Installation instructions are contained in the user manual as well as a README file. It is a standard tar ball installation, based on the autoconf package manager, for unixlike operating systems. 

Distributions compatible with g77 

In case you are working with older GNU development tools, I am making providing the original g77 project in both a source and binary distribution. The binary was compiled against glibc 2.3.2 and g77 (gcc 3.3.4). 

Source distribution for g77


Binary distribution built with g77
To install this package, simply copy it to the root directory and unpack it with tar jxvf hmdbin3.1.3.tar.bz2whereupon its contents will be copied into the /usr/local path. To uninstall this package use the script uninstallhmd.sh. 

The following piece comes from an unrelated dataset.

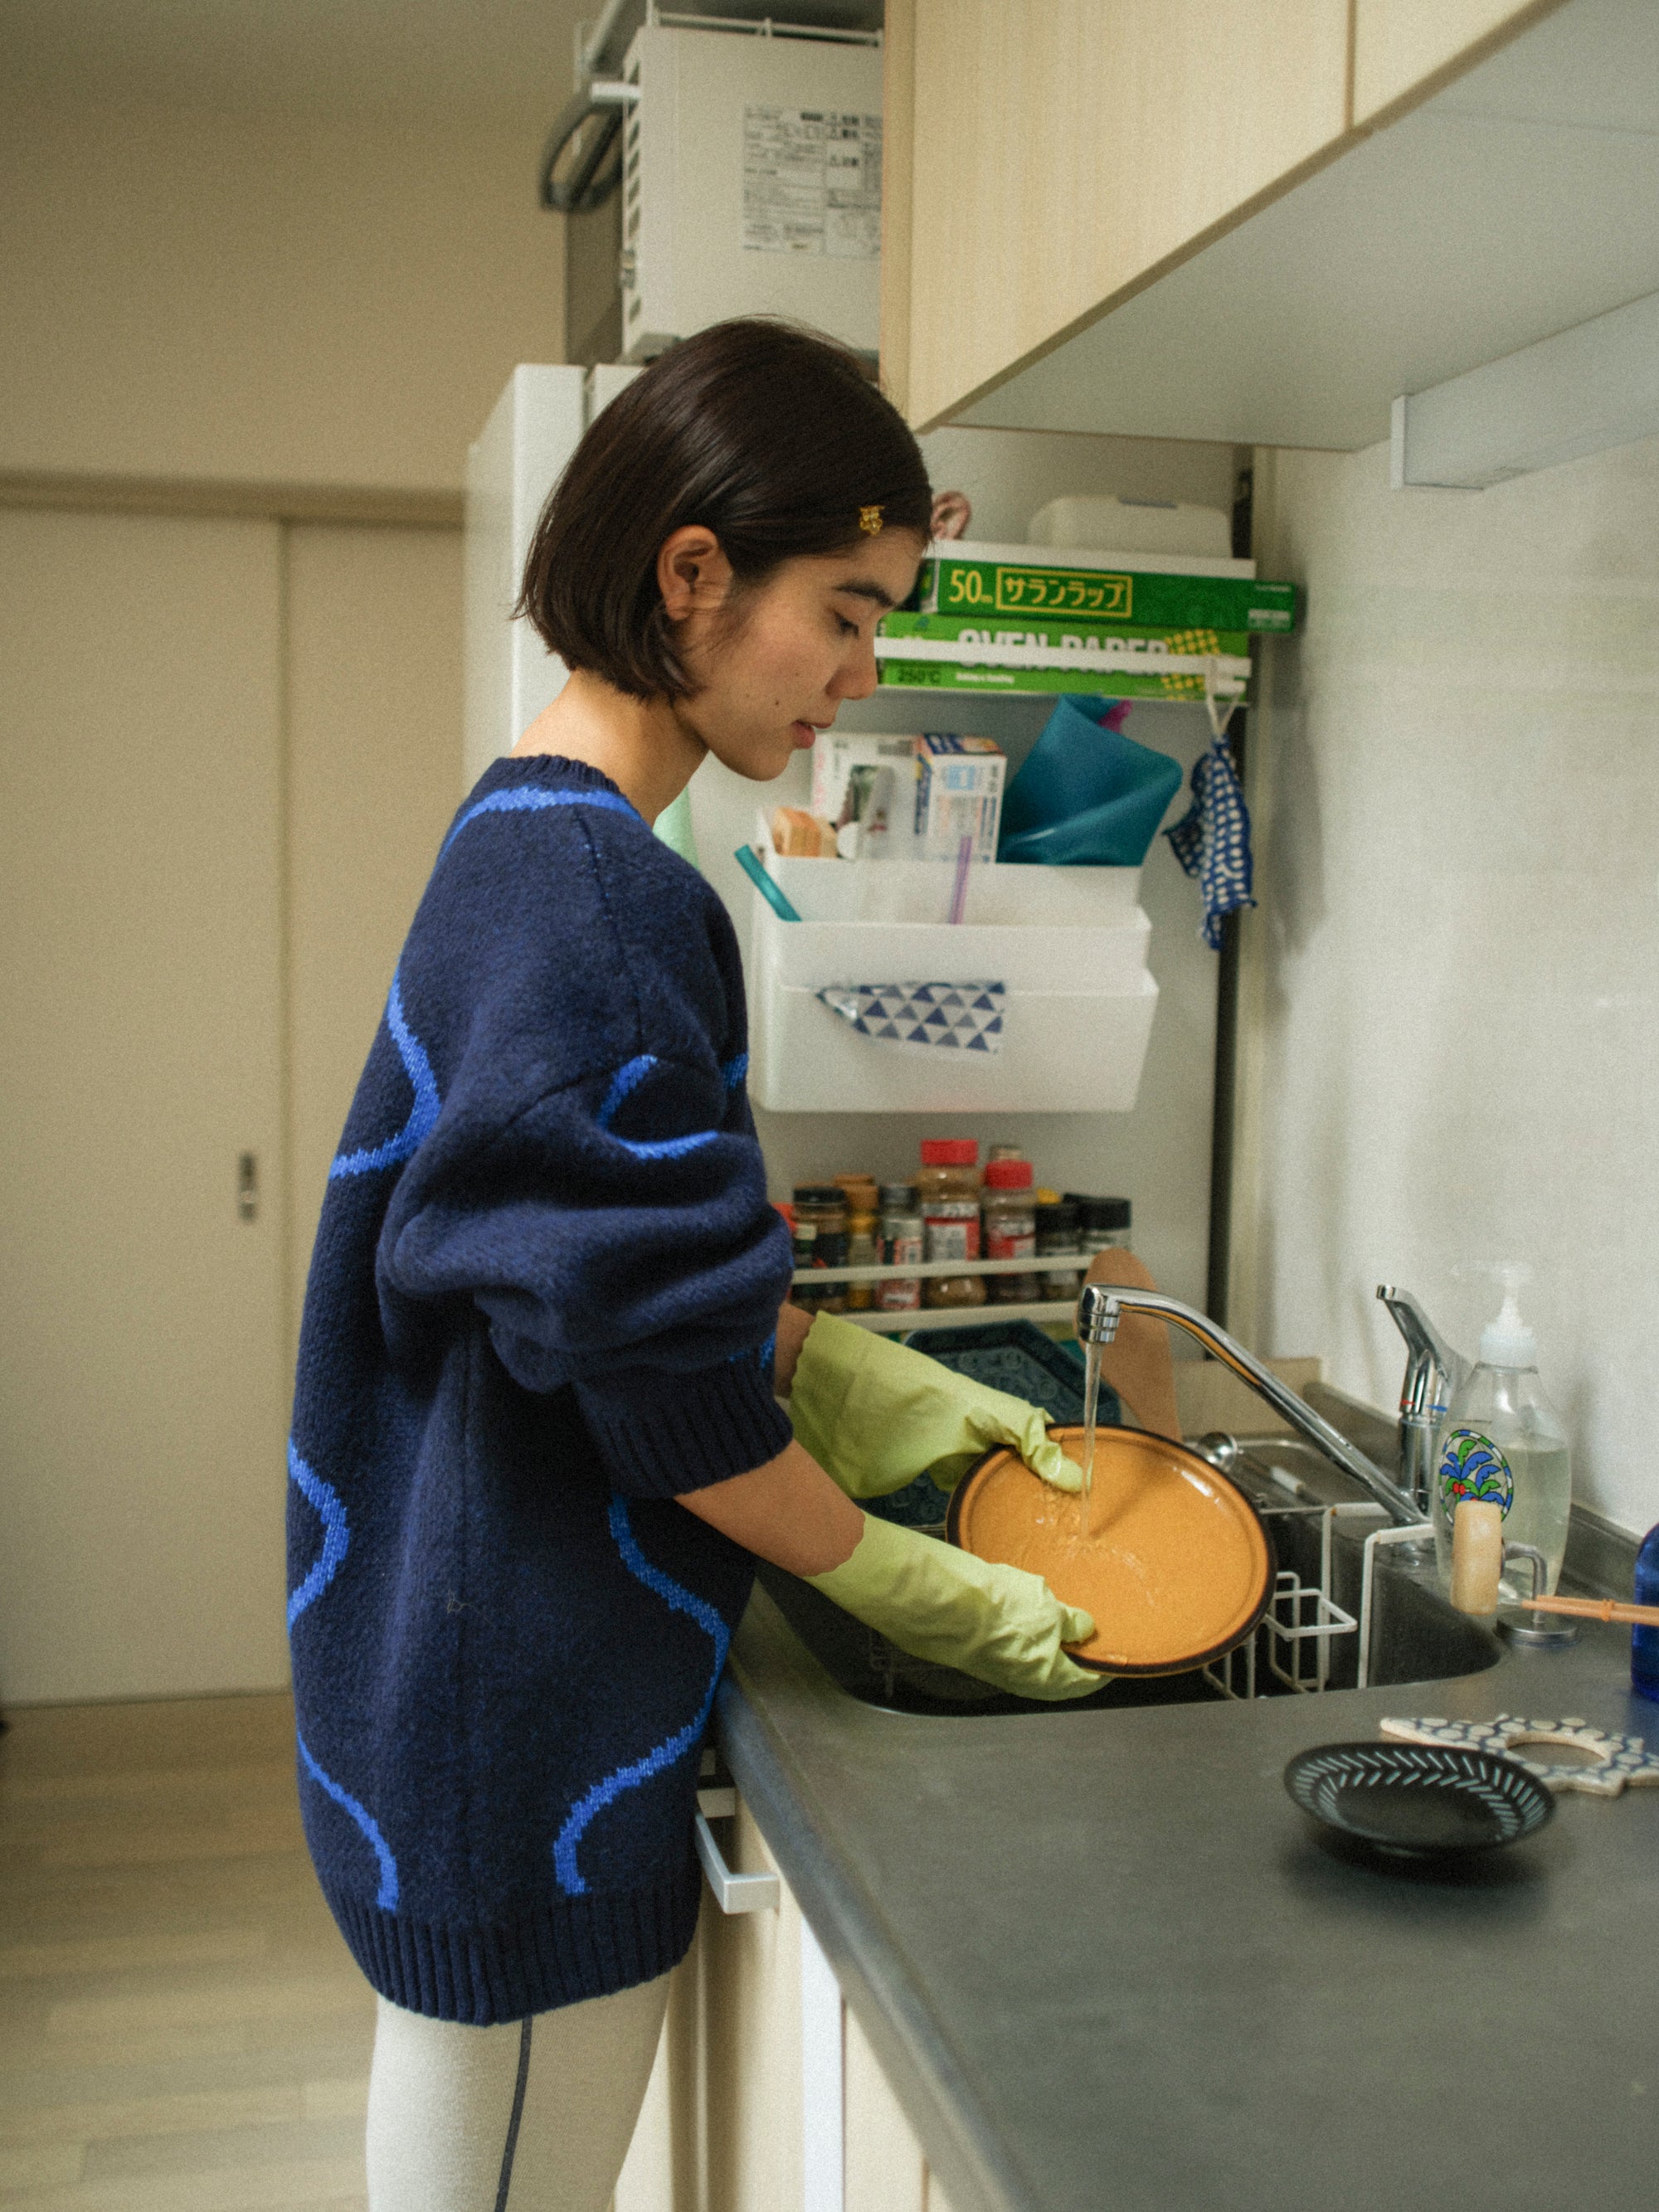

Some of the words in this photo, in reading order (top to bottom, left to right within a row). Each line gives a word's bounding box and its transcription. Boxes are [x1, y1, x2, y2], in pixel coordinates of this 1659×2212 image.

[1005, 577, 1125, 609] サランラップ
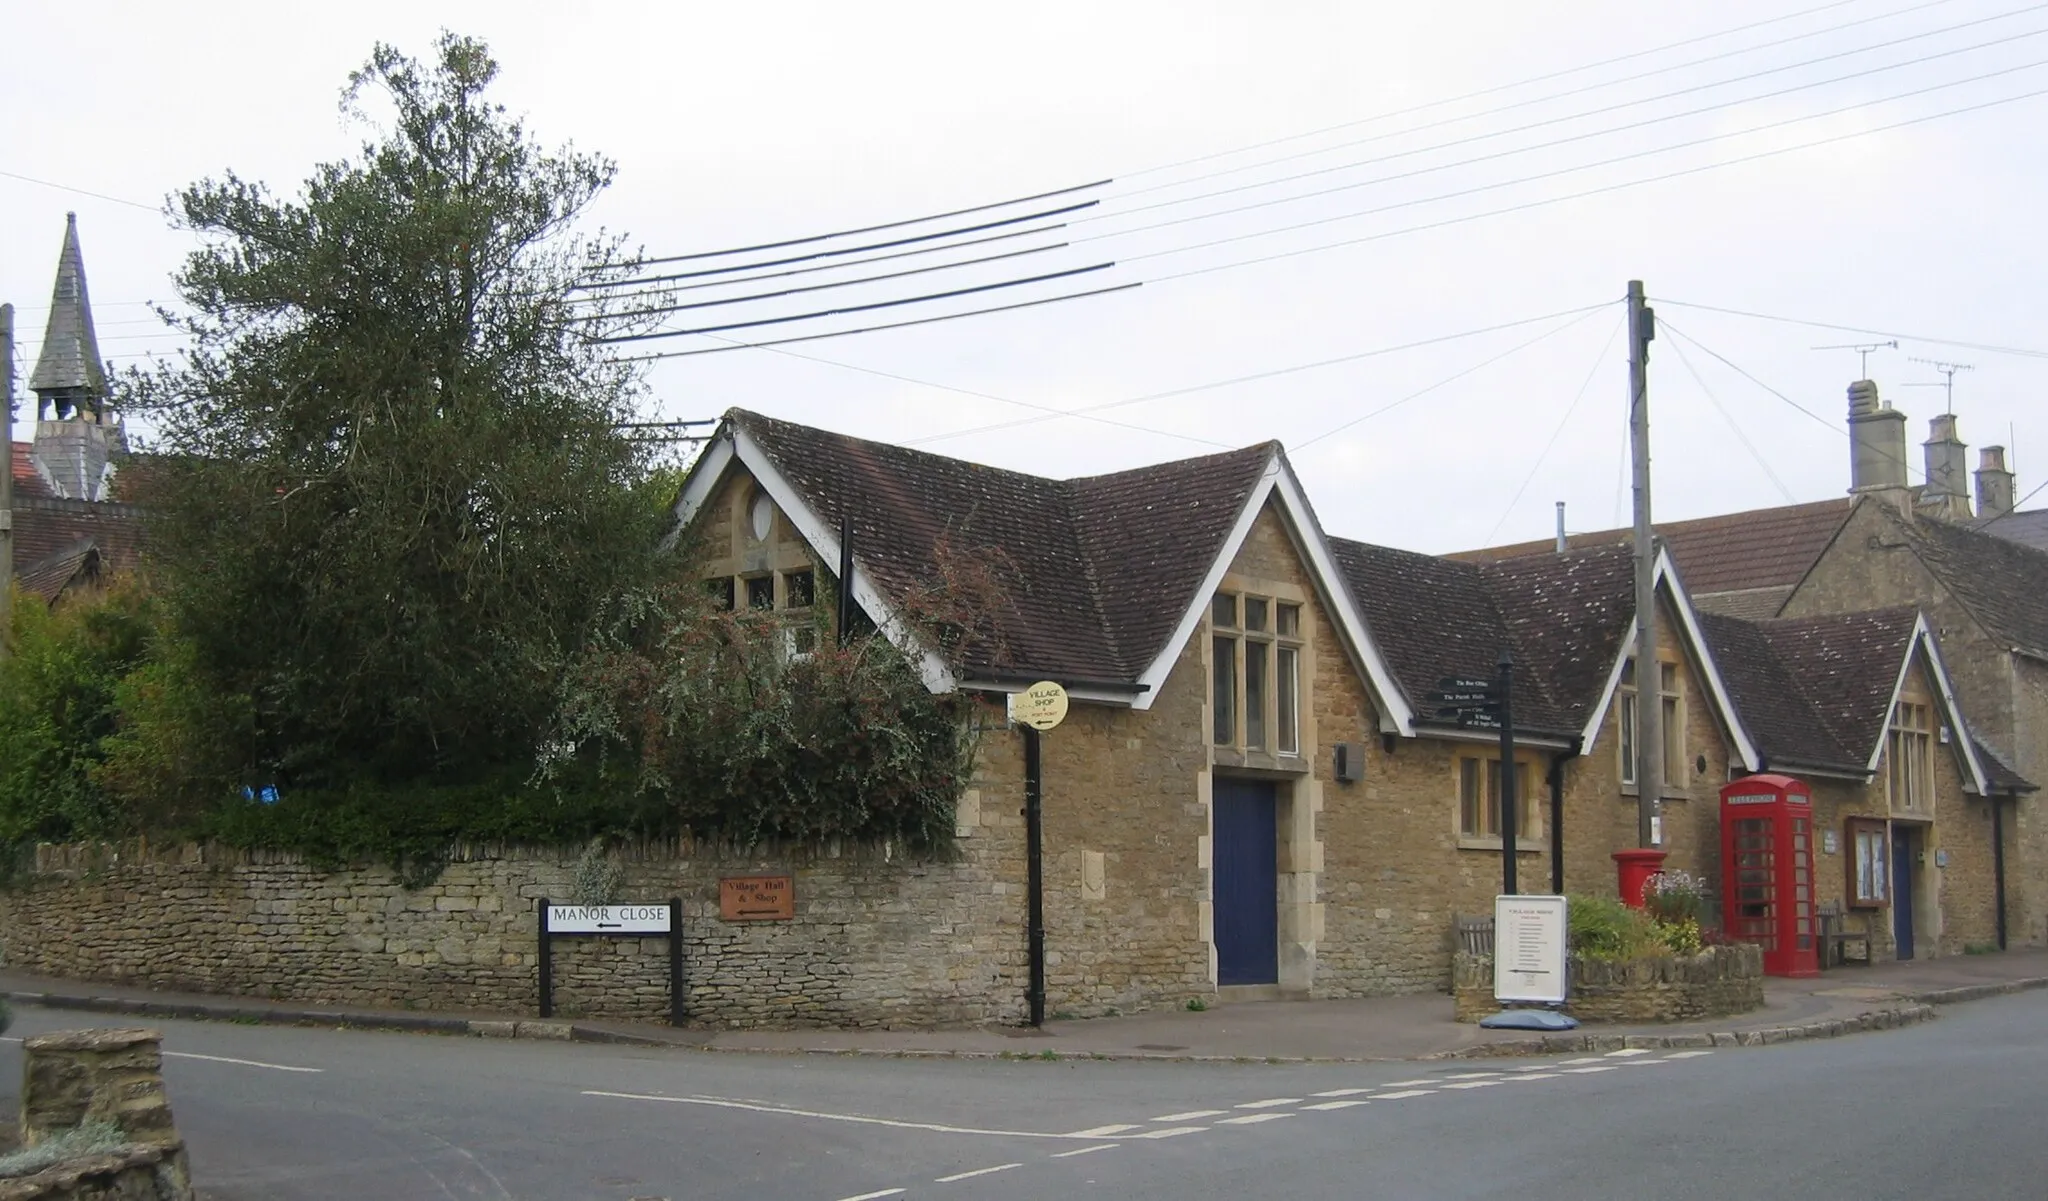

The Future Development of HMD 

The HMD software program was developed between 2001 and 2005. The work stopped around 2005 because I was exhausted from the effort, and because I needed to reconsider how best to improve the software. In addition to that, my time and energy was devoted to writing contemporary space music. The program was originally intended to be a few C functions for building finite element models, but it turned into a mini platform for building a finite element model. A scripting language, similar to Scilab (or Matlab) was created for reading files and as an interactive work space. Then I began looking at ways to expand the software to solve more kinds of problems. A later development to the HMD software was an algorithm I named "cell modeling." It was an experimental idea based on the finite difference of Poisson's equation. It actually works, but as a practical computer algorithm it has several drawbacks. In essence, it is just a fixedpoint iteration on a cartesian grid. To be practical it needs to work on an arbitrary spacial subdivision that would be obtained with a common meshing program such as GMSH. In the course of its derivation I noticed how the cell mathematics resembled the Green's function magic rule (see the HMD manual), but I was yet unable to develop this principle. I have since made progress in that work, which I share with you in the following summary: Finite Difference Approximations and Numerical Greens Functions. In 2014 I began new development of the HMD platform. After a hiatus of about 9 years I decided that there has been to much investment of time and energy into HMD to let it drop. In August 2014 the revised project was posted to SourceForge as HMD for Computer Modeling 4.0.0. The initial development resulted in a complete revision of the error handling, a restructuring of the project, and bug fixes in the parser. The cell modeling code mentioned above has been dropped in future revisions. The mission of HMD was originally as a finite element solver, and the support for finite elements is still present. But recent development for HMD has become increasingly in the direction of applied mathematics. In particular, the latest new capability is intended for developing ODE (ordinary differential equation) models. I said developing ODE models, not solving them! Of course there are ODE solvers in the new HMD, but the emphasis is on research, not generating data.